[GIVEN INFORMATION]

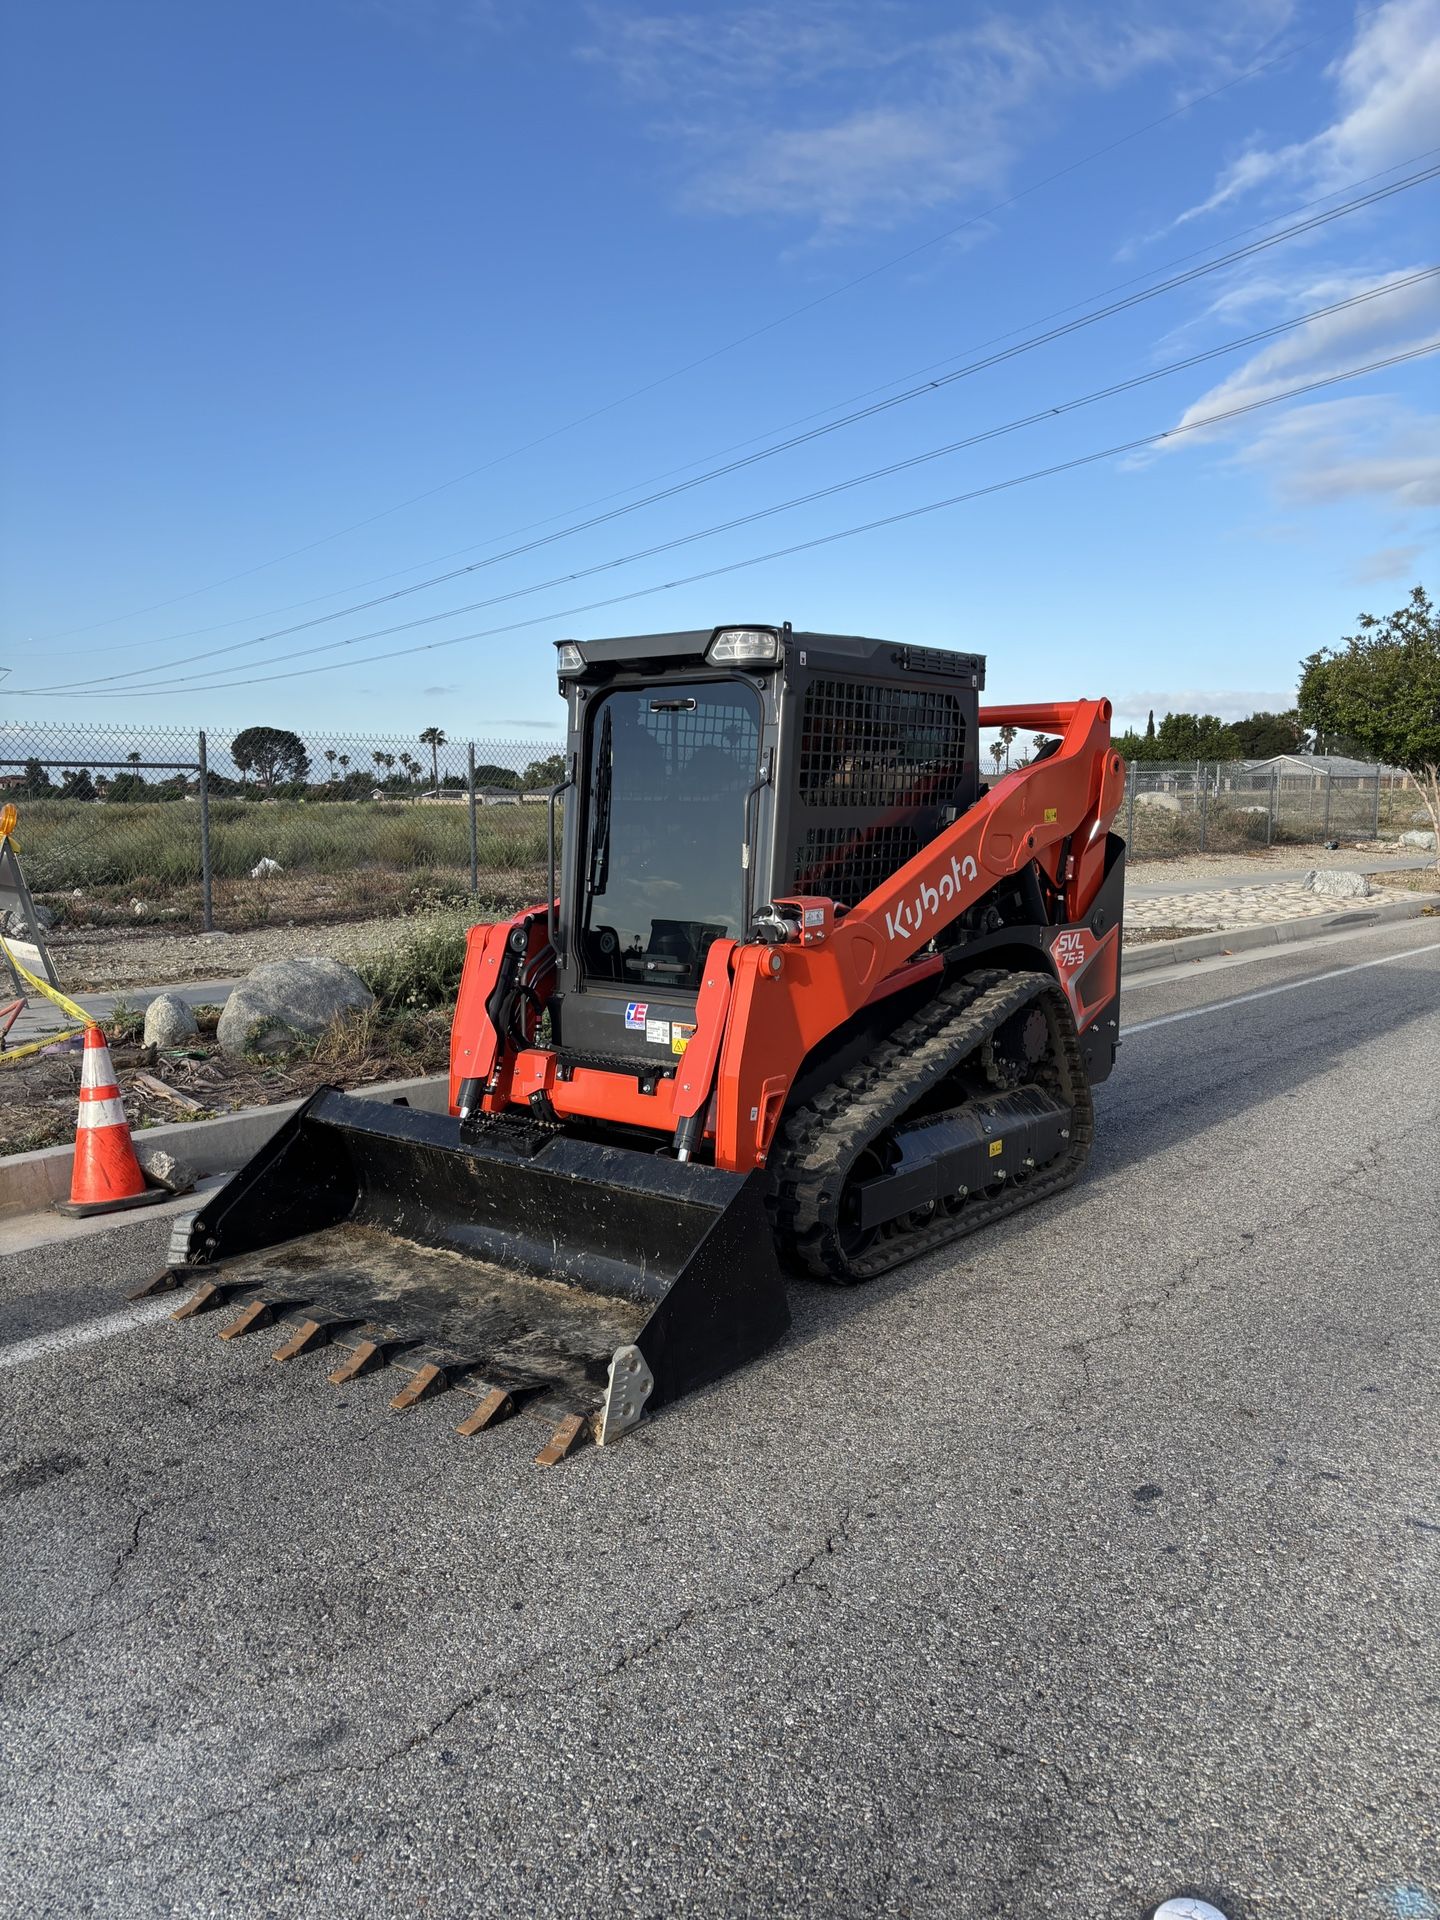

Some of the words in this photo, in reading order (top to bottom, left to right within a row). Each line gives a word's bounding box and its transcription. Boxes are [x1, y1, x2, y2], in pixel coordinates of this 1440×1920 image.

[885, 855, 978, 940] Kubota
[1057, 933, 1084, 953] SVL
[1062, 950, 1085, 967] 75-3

[/GIVEN INFORMATION]
[GIVEN INFORMATION]

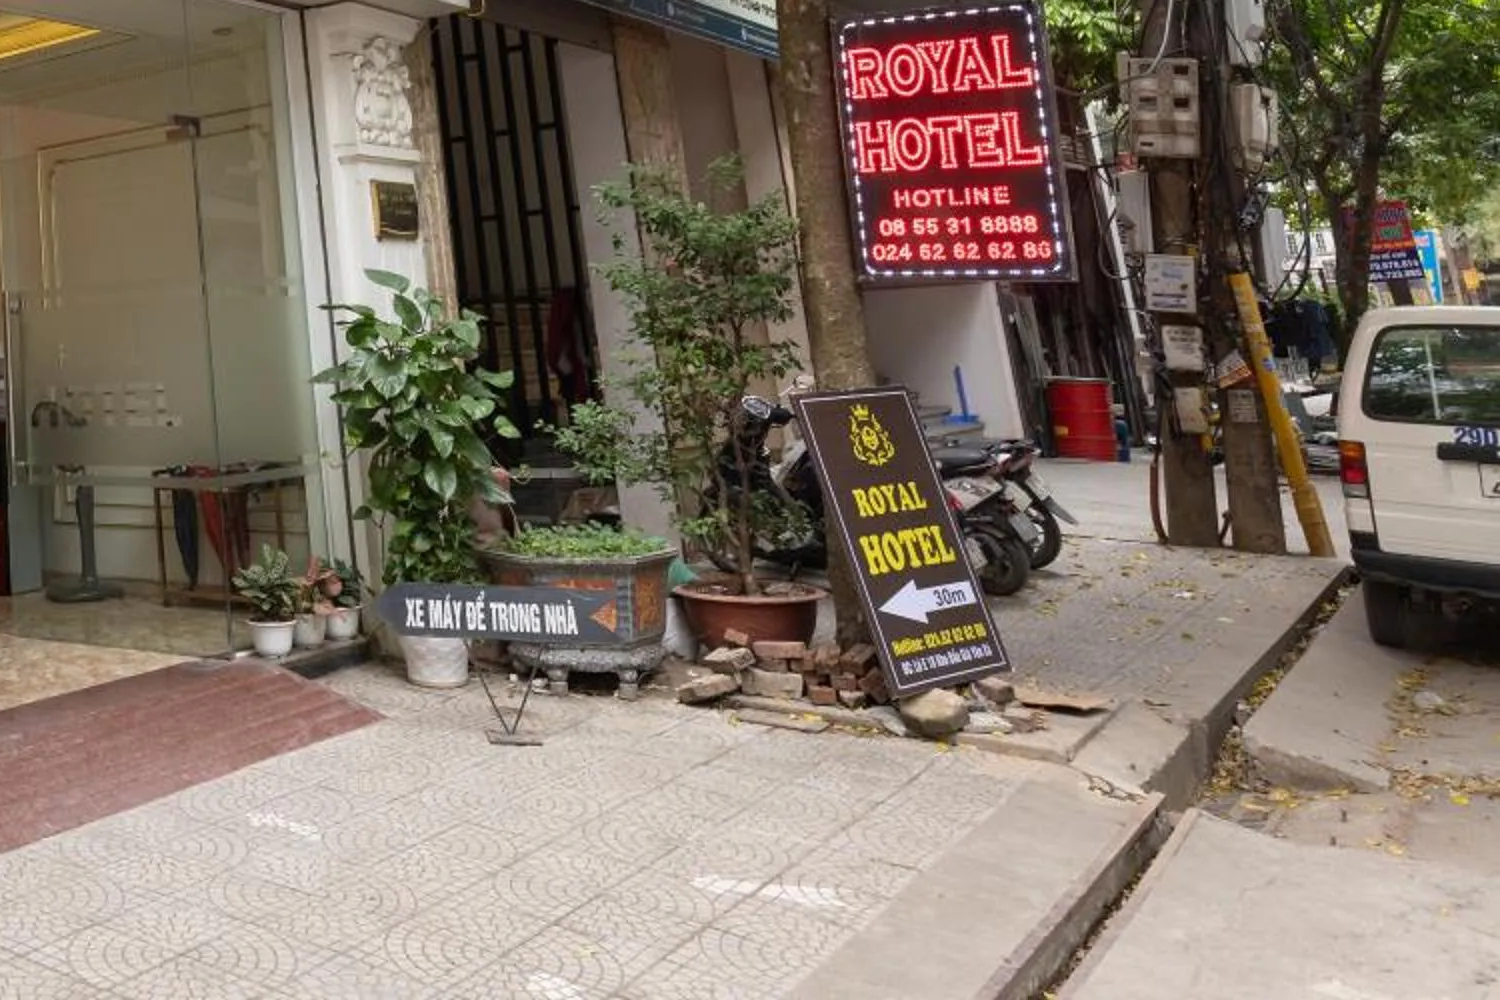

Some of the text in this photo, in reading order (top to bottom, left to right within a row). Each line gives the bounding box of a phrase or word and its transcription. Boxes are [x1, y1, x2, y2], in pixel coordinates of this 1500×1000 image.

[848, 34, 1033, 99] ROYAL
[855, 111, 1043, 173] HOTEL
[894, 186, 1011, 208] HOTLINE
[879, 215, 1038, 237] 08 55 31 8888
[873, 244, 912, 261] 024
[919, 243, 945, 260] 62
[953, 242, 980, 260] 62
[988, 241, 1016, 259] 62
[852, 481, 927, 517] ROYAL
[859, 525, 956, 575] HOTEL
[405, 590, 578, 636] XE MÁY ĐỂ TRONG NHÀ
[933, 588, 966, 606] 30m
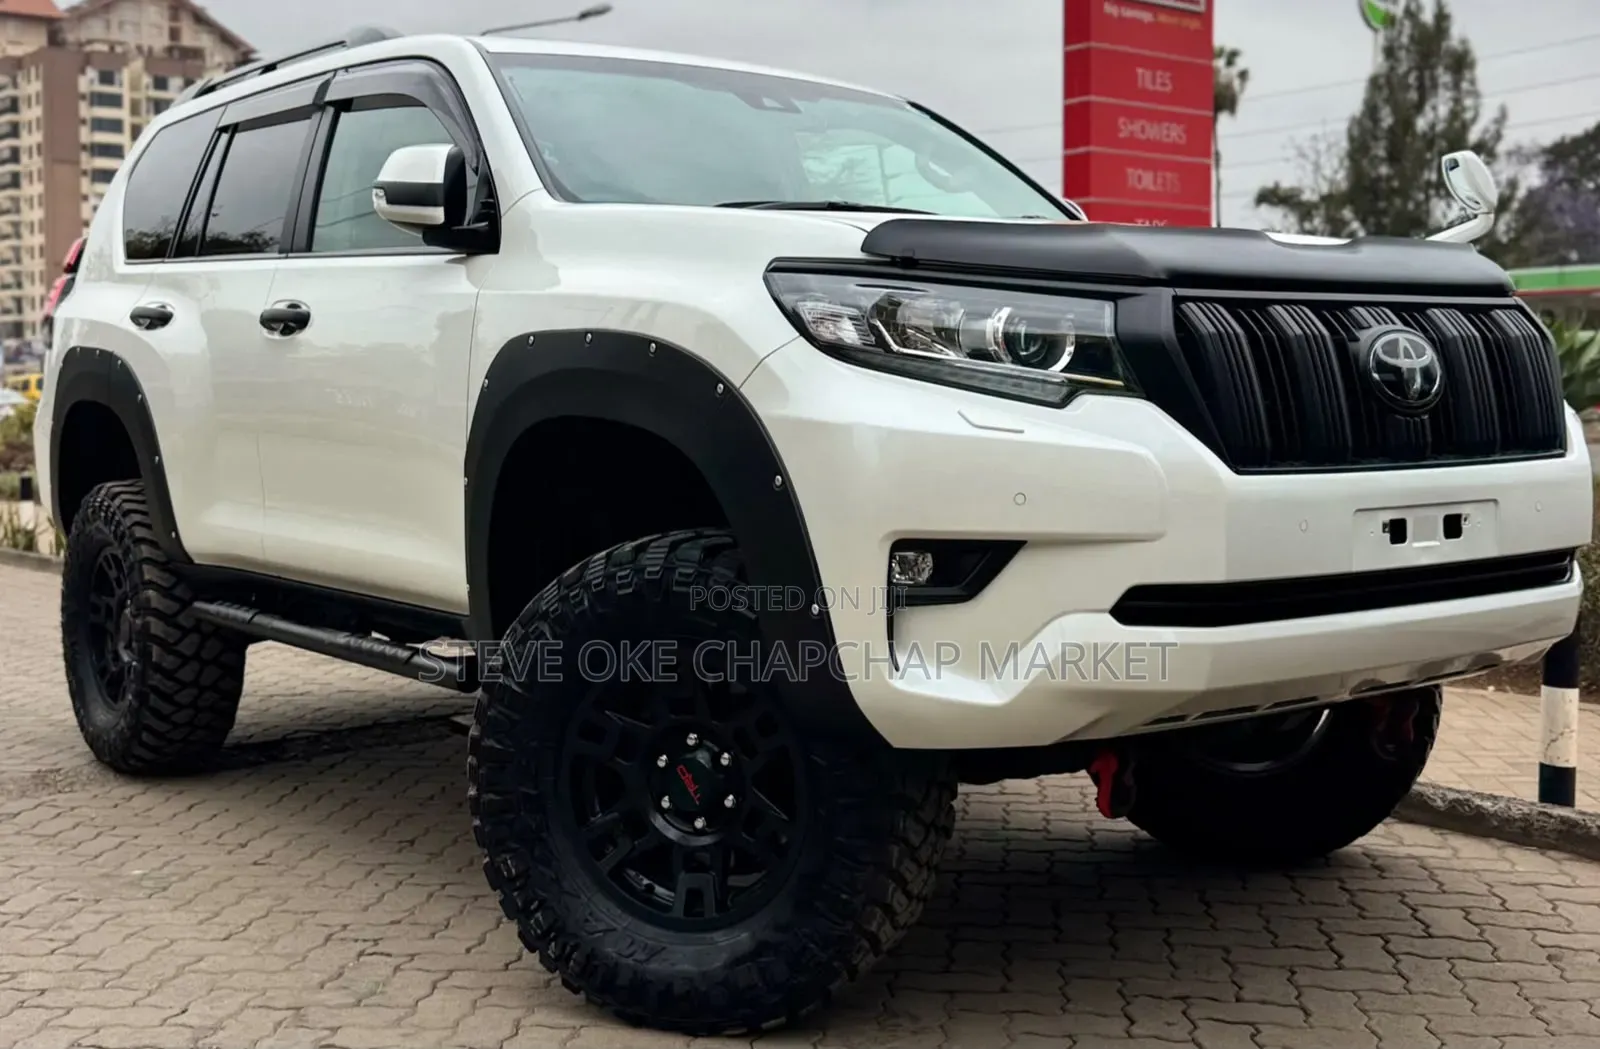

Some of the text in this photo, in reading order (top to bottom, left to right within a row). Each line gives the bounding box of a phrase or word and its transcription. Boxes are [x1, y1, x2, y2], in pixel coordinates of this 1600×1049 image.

[/GIVEN INFORMATION]

- [AIM OF THE EXERCISE]:
Among the entries above, copy exactly the stretch from the line holding "this 1500×1000 image." through the line holding "this 1600×1049 image.", leaving out any pictures.

- [ANSWER FOR THIS EXERCISE]:
Some of the text in this photo, in reading order (top to bottom, left to right within a row). Each line gives the bounding box of a phrase or word and its transcription. Boxes are [x1, y1, x2, y2], in pixel coordinates of this 1500×1000 image.

[848, 34, 1033, 99] ROYAL
[855, 111, 1043, 173] HOTEL
[894, 186, 1011, 208] HOTLINE
[879, 215, 1038, 237] 08 55 31 8888
[873, 244, 912, 261] 024
[919, 243, 945, 260] 62
[953, 242, 980, 260] 62
[988, 241, 1016, 259] 62
[852, 481, 927, 517] ROYAL
[859, 525, 956, 575] HOTEL
[405, 590, 578, 636] XE MÁY ĐỂ TRONG NHÀ
[933, 588, 966, 606] 30m

Some of the text in this photo, in reading order (top to bottom, left to right within a row). Each line gives the bounding box of a phrase or word and its transcription. Boxes are [x1, y1, x2, y2], in pixel coordinates of this 1600×1049 image.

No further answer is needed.